SAS49 · Posted 04-26-2022 10:23 AM

Hi all,

I am very new and have no idea where to start on this question. I have a data set a sample of which I have placed below. It has two columns with chromosomes and genetic positions, and then each following column belongs to a different ID. For all columns after the first two, the desired values are 0, 1, or 2. However, I have missing data. How do I impute the missing values with the most common value in that row (i.e., for the first row, the missing value would be changed to 0, and for the second row, it would be changed to two, and so on). Thanks for any guidance anyone can provide. I am working in SAS 9.4.

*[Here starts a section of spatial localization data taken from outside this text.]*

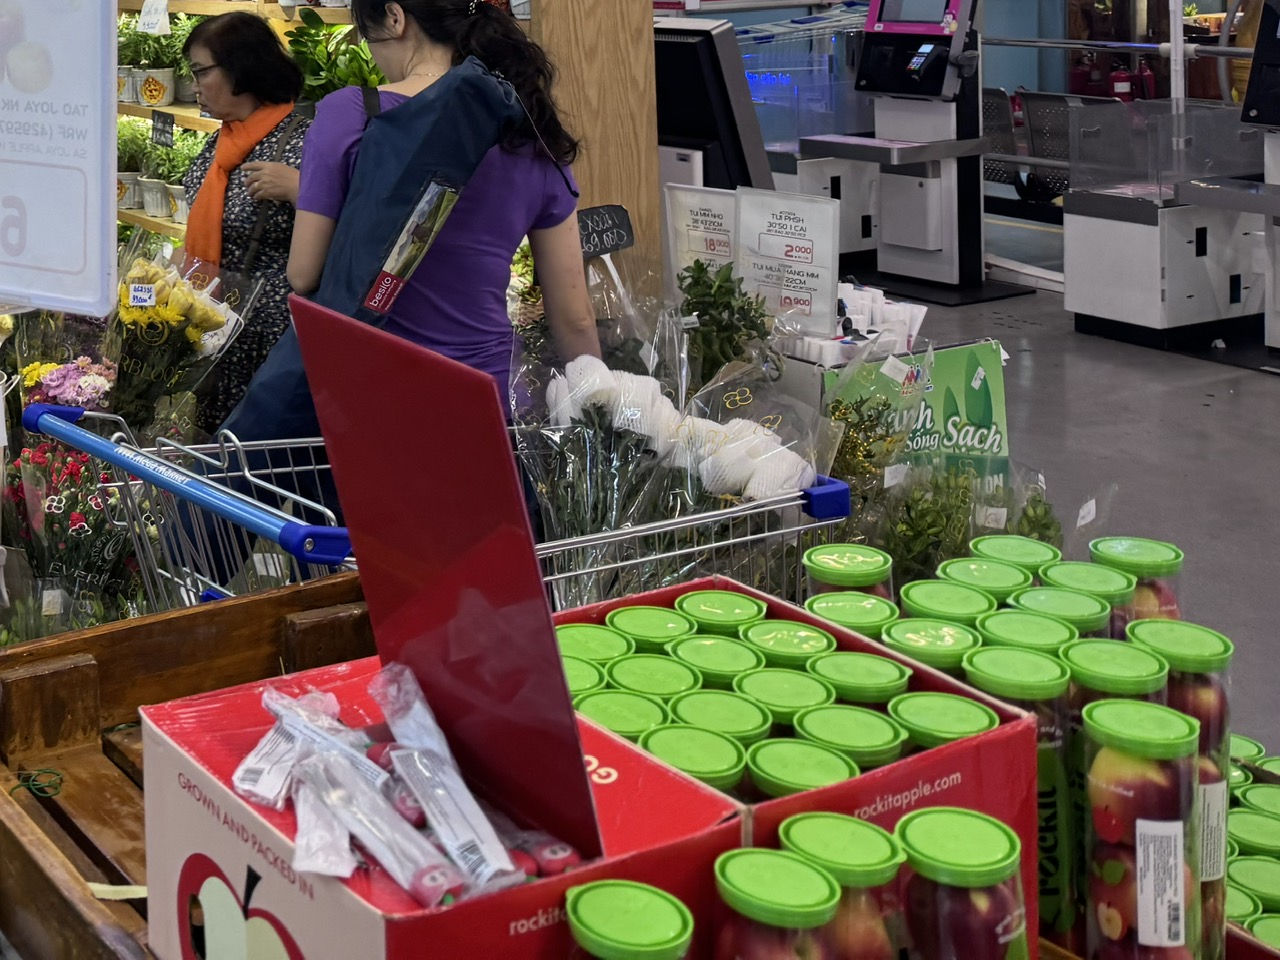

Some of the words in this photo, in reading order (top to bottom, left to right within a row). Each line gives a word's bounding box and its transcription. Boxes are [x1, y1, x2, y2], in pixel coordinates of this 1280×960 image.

[177, 772, 221, 821] GROWN
[222, 811, 250, 844] AND
[251, 833, 297, 885] PACKED
[298, 874, 314, 901] IN
[854, 768, 962, 820] rockitapple.com

Chrom	Pos	ID1	ID2	ID3	ID4	ID5	ID6	ID7	ID8
1	8456	0	0	0	0	0	.	1	1
1	9948	0	0	2	.	1	2	2	2
1	10058	1	1	1	1	1	1	.	1
2	6535	0	.	0	0	0	0	1	1
2	8967	1	1	0	1	1	1	0	.
2	10234	1	1	1	0	0	1	1	1
3	1023	0	0	1	2	0	0	0	0
3	9978	1	2	0	.	2	2	2	2
3	15032	0	0	0	1	1	2	1	1

PaigeMiller · Posted 04-26-2022 10:34 AM

If you are going to use built-in SAS functions, you could use PROC MEANS/SUMMARY or PROC UNIVARIATE to get the mode from a column of data. Or you can write your own function to get the mode from a row (since I don't think SAS provides a way to do this from a row).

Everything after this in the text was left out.